Vitla also Vittal is a town in Bantwal taluk of Dakshina Kannada district, India, around 18 km from Bantwal in Bantwal Taluk. It is also 14 km from Puttur and 40 km from Mangalore. Vitla was an assembly constituency of Karnataka Legislative Assembly, but discontinued from 2008 elections. Agriculture is the main occupation of people in and around Vitla town. Arecanut, cocoa, pepper, Cashew and coconut are grown here.
There is a regional station of Central Plantation Crops Research Institute (CPCRI) which conducts research on areca nuts, an important commercial crop in the area. It also researches cocoa growing, including its production, protection and increasing drought resistance.

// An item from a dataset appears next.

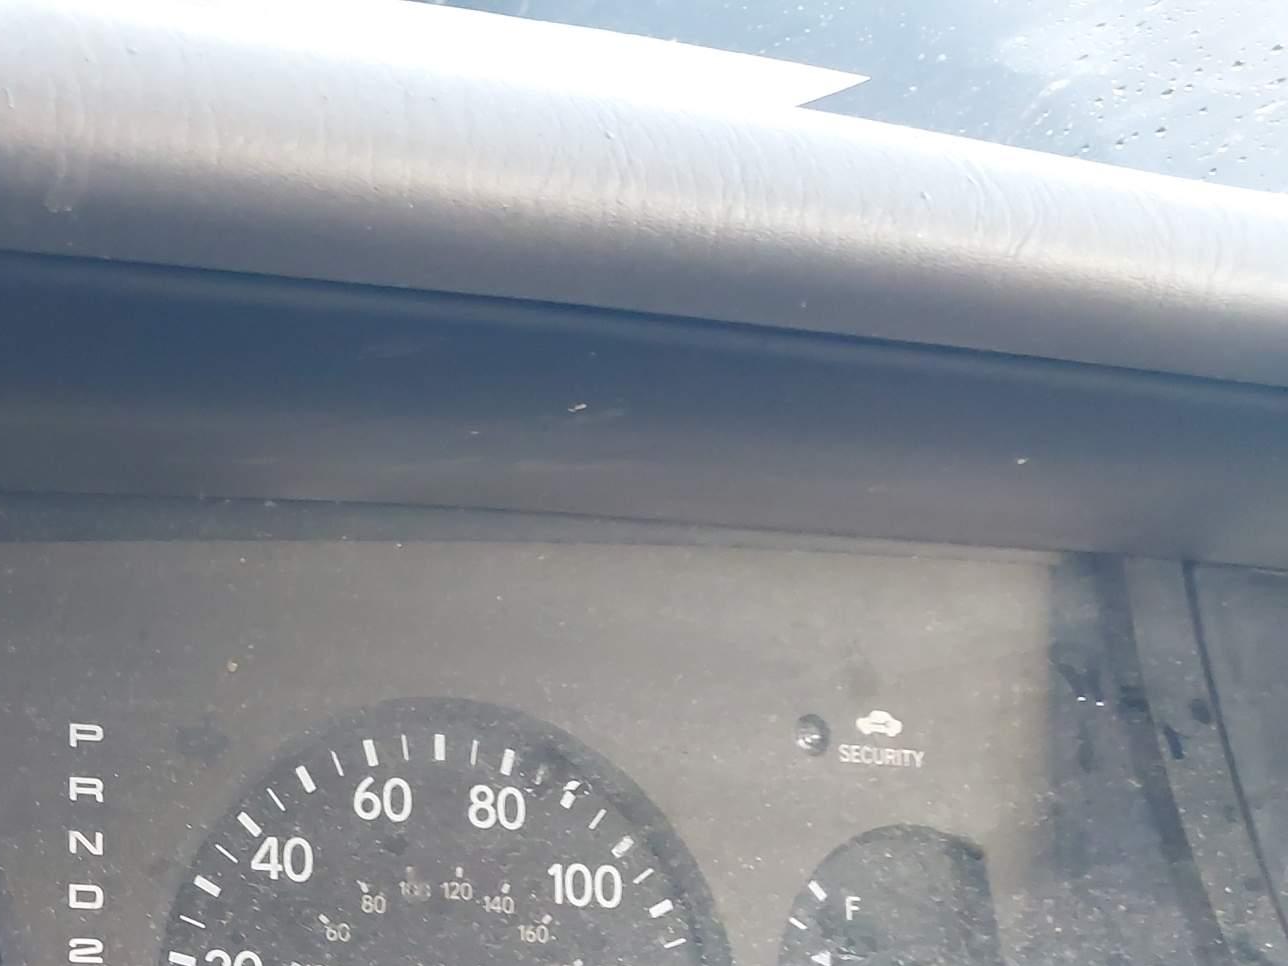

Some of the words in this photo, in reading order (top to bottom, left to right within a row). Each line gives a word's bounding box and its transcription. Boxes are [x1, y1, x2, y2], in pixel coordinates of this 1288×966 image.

Formerly ruled by the Vittala Arasas or kings belonging to the Domba Heggade dynasty, the head of the dynasty, even today, plays a dominant role in the religious ceremonies of 16 temples. One can see the palace in the outskirts of Vittla. Standing in the middle of the vast greenery, it houses members of the dynasty.

The town is known for the Panchaligeshwara Temple. Vitla is surrounded by a dense forest called Kalenjimale. It is believed that Bakasura lived in this forest during the Mahabharata period. A cave still exists in the forest which is supposed to have been the demon's resting ground.

Vitla town is placed on a junction of four roads connecting Puttur, Kasaragod, Mangalore and Salethur.
Alike educational institutions is situated six kilometers from the city. The institution is one of the oldest in India. Puttaparthi Sai Baba voluntary super specialty hospital is also located in Alike.

== History ==
History speaks of the Vittal king Achuta Heggade who was overhauled by Hyder Ali. The former was supported by the British and was residing in Talacheri.

Achuta would visit Vittal occasionally to regroup his men and fight Hyder Ali. For this, he had to lose his life. Hyder Ali had him hanged to death. His palace in Vittal is on a 10 acre land with a large magnificent stone-carved door. The ancient foundation has round towers and even had a stable.

Ravivarma Narasimha Domba Heggade, the successor of Achuta Heggade kindled the sparks for the first revolt against the British who were ruling coastal Karnataka after the death of Tipu. But Domba Heggade was hanged by the British.

The foreigners took possession of all that Vittal Heggade owned, except the personal property and wealth. In return, the Englishmen paid an annual royalty.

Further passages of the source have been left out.